Fiscal fiasco should also be considered as a category.  Who owns the Kaiser Convention Center now?  Who could sell it?  Who could rent it out?  During the circus that passed for a budget debate 6 months ago we “sold” the building from the City to “Redevelopment”.  The building was used as collateral for some loans that got “transferred to the City Hall building”.  That would mean if we did not pay the debts, we would have to sell City Hall to pay it!  Of course that NEVER happens, but jeez.  A lot of things that “never happen” have been happening in state, county and city budgeting recently.   Did they really go through with that plan or was it just still a plan when the State of California shut down the redevelopment agencies?  If they did, who owns the building now?  There is supposed to be a “successor agency” if I understand it right.  Who is that?

Selling a major asset to pay day-to-day bills is not a secure budget plan.  In fact it is about the worst budget plan.  Things like this make me want to raise the bar on the Council selling off public property.  It just should not be so easy to do.  
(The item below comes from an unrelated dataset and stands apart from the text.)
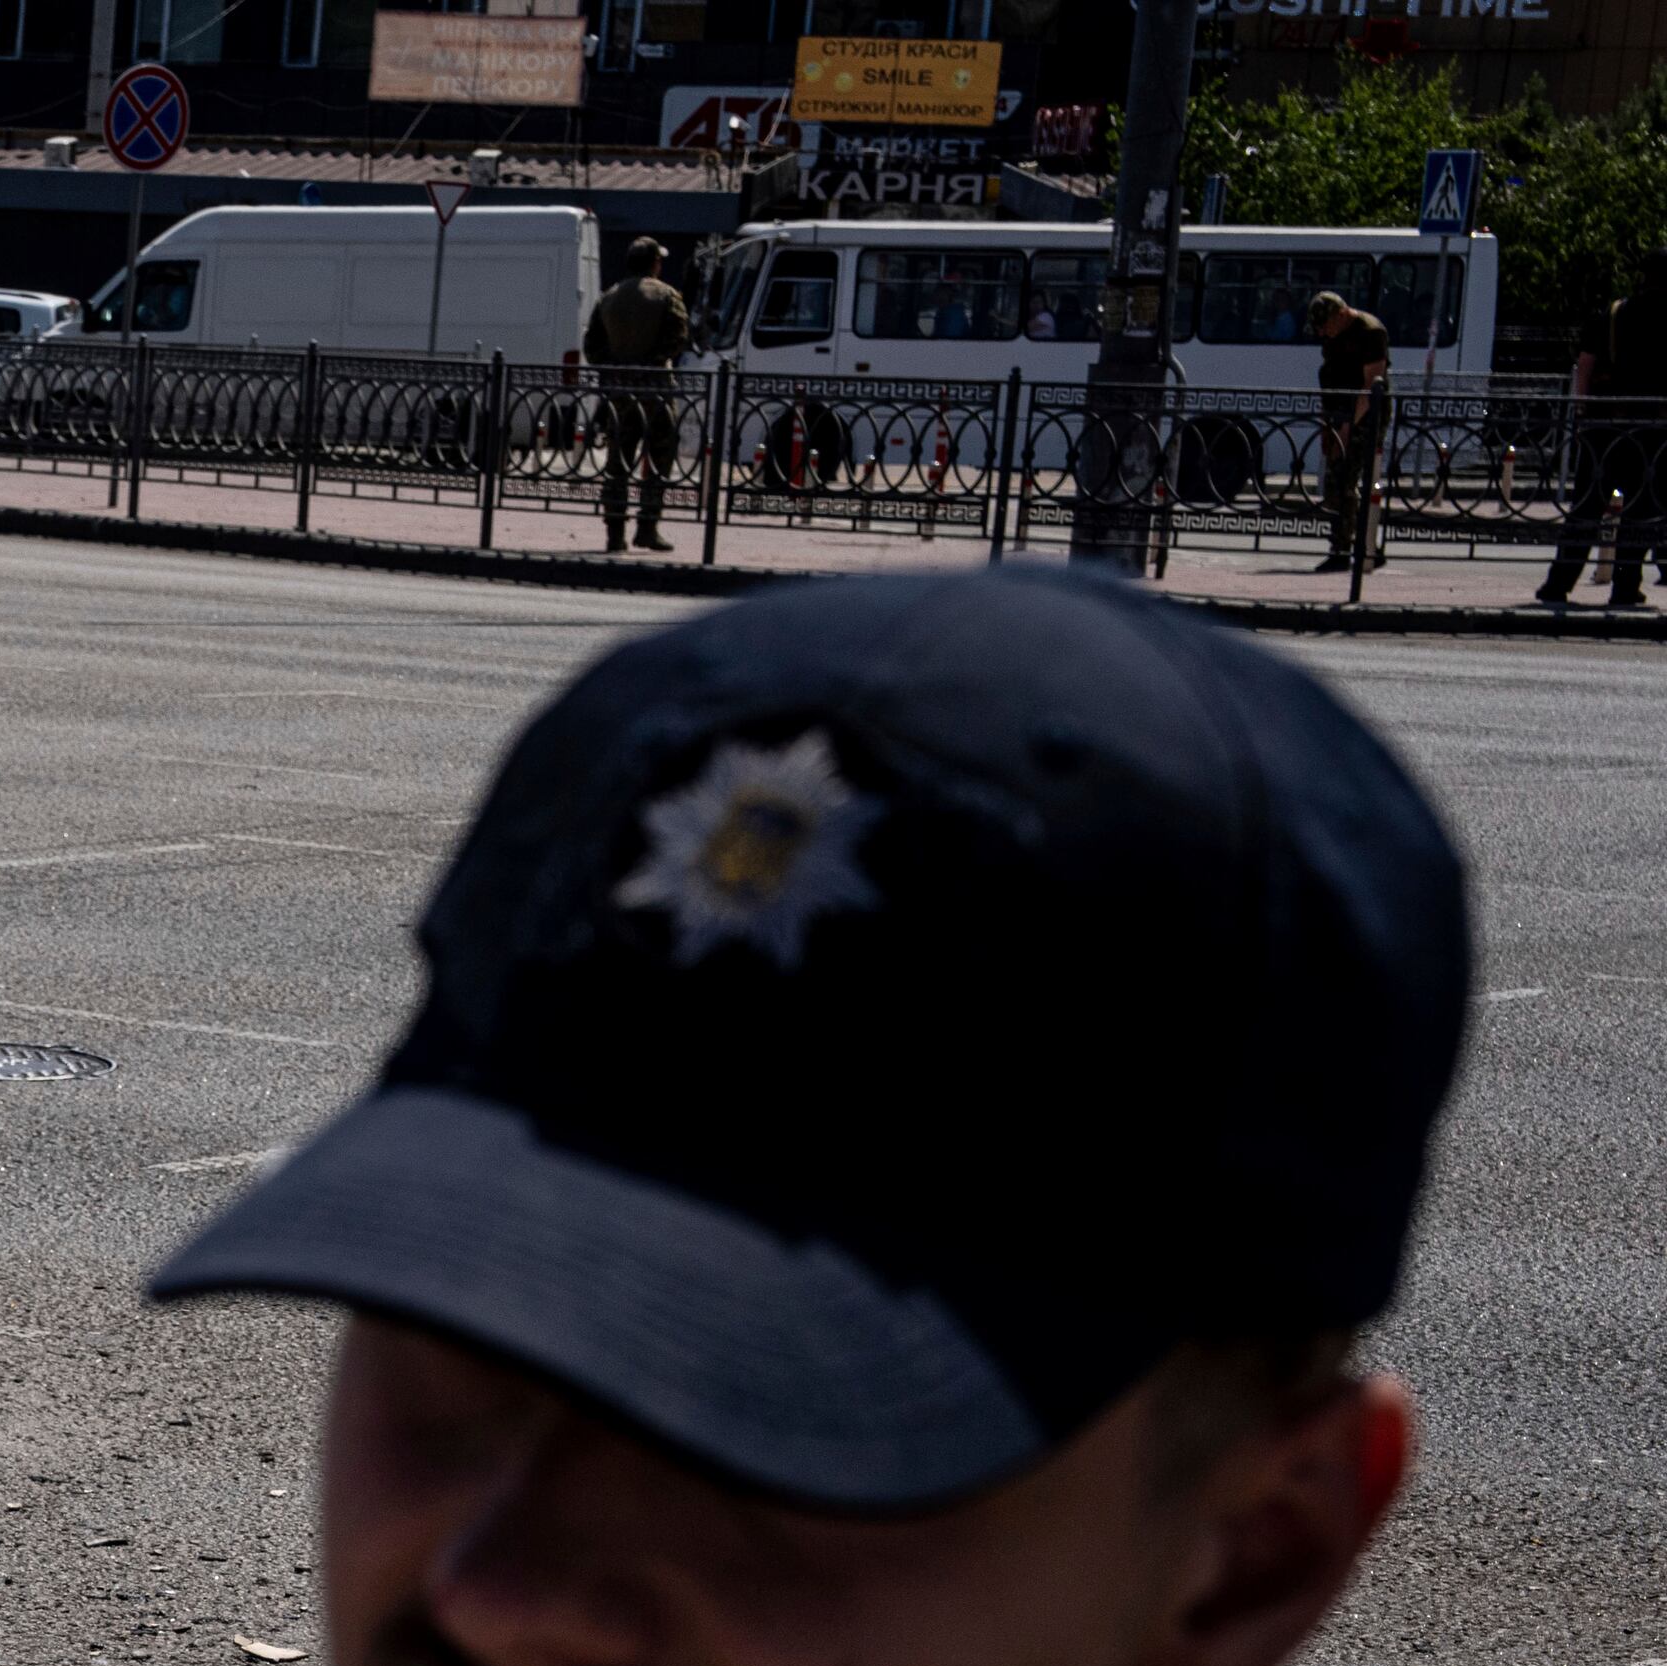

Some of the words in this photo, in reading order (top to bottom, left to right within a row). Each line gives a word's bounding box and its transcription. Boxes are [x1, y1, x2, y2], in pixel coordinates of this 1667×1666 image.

So now we have a multimillion dollar, historical convention center boarded up in the middle of our city.  The Occupy protestors who wanted to “Occupy” it would have in effect opened it back up.  We all missed a golden opportunity in a cloud of stubbornness and teargas.  All that Occupy energy could help our city at the Kaiser Convention Center. 

The public should insist that the building be put back into use.  If civic groups can turn it into some kind of civic center and pay the utilities, then the city should allow them to do it.  Right now it is just a scandal.  

One of the things that the occupy encampment showed was how much energy was available for this kind of civic center activity.  That little encampment was feeding and housing homeless people.  They had a free health clinic.  There was a series of art programs.  There was a children’s village.  There were library groups, free school, theater etc.  And the list goes on and on from a media center to community gardens.  

Our convention center is a vacant property.  It needs an occupant and we have a volunteer.